If you are in direct-service work with trafficked or CSE persons, you already well know the importance of meeting your clients where they are. Have you ever used the word “victim” and seen a client pull away from services? What language do you use with clients? Do you change wording as the client progresses? Why or why not? We would love to hear your thoughts on what effect, if any, “victim” language has on the clients you work with, even if you disagree!
Owning "Victim" is an important step toward owning "Survivor"
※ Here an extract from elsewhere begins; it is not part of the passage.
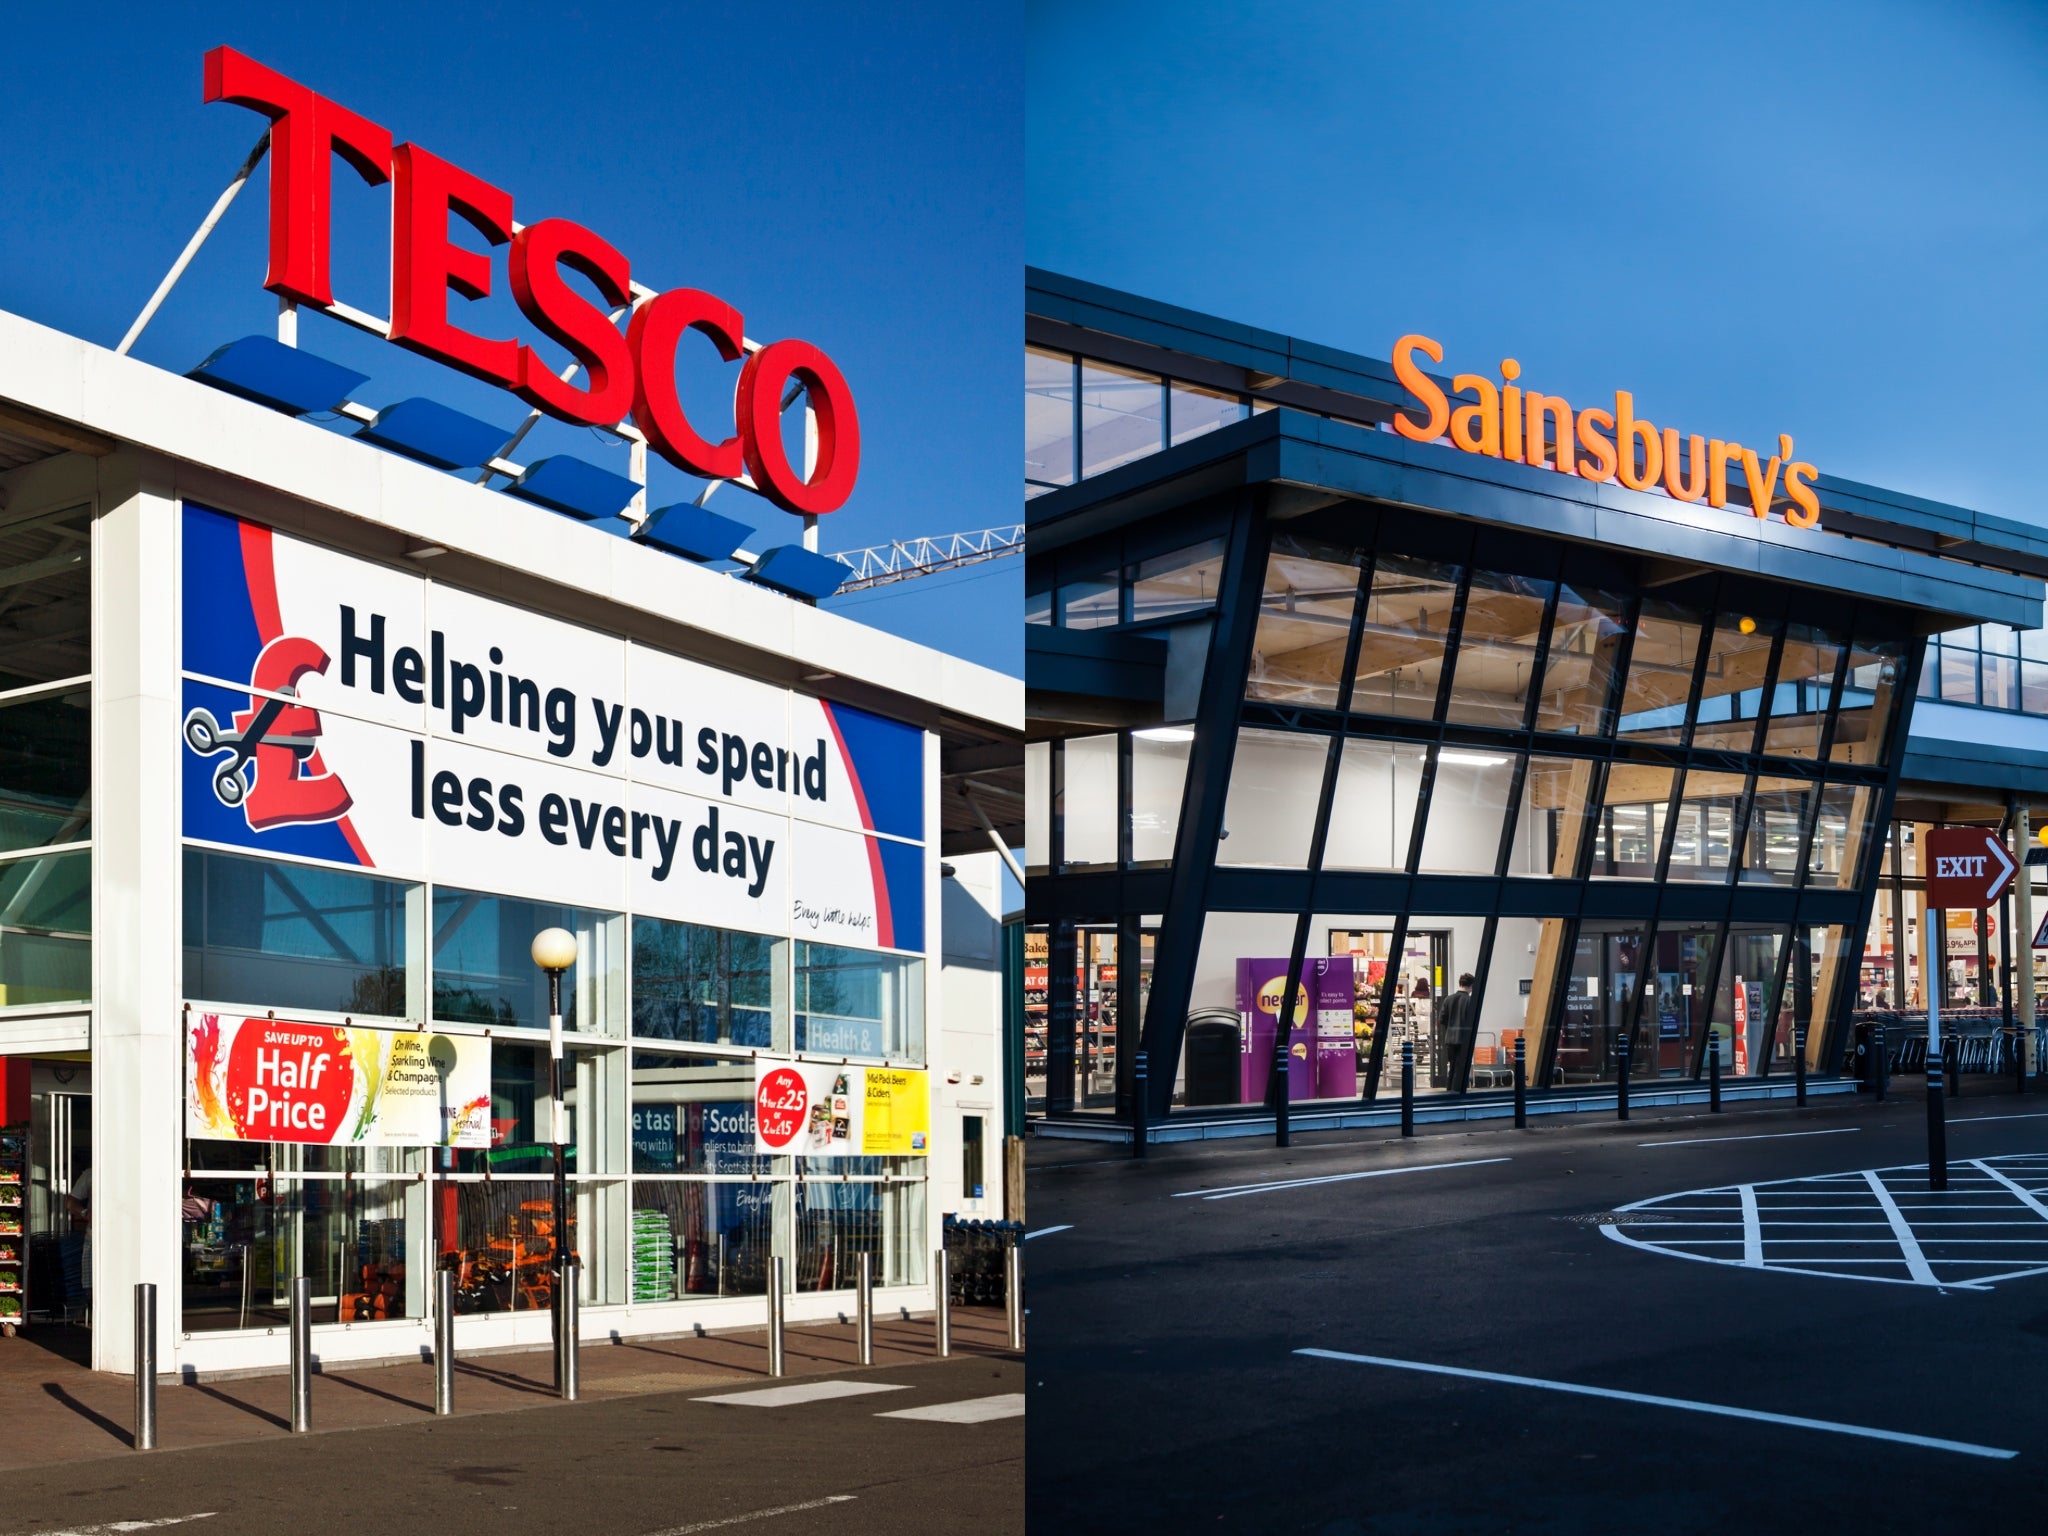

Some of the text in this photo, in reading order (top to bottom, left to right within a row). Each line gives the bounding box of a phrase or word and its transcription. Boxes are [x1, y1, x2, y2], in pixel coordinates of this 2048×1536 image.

Author’s Note: When I finally joined an online community of survivors over a decade after exiting the sex industry, I wasn’t sure if I had been trafficked. I hung around the edges of this group, wondering if I really belonged, wishing someone could tell me with assurance what happened, but ultimately believing that I had chosen to exploit myself when I was younger. I reached out privately to one of the group’s survivor mentors and finally learned that I was a victim of trafficking and sexual exploitation over ten years after I had left the sex industry. In many ways, I thought the buyers were more victims than I was a victim; now I know otherwise. When money is exchanged, even when there is no trafficker, there is automatically an imbalance of power. On the one hand you have the powerful and on the other is the powerless. At one time I thought I was the powerful one. But over time I realized that the buyers filled that role and I was the powerless one. I am glad that today I finally see my time in the sex industry as a form of victimization because it’s helped foster self-compassion. Now I know that I was vulnerable to exploitation because I had experienced the perfect storm of past childhood vulnerabilities alongside cunning traffickers that used coercion and fraud to ensnare and deceive me. I don’t see myself as a victim today but identifying that I was once a victim has helped me find greater healing and wholeness as a Survivor.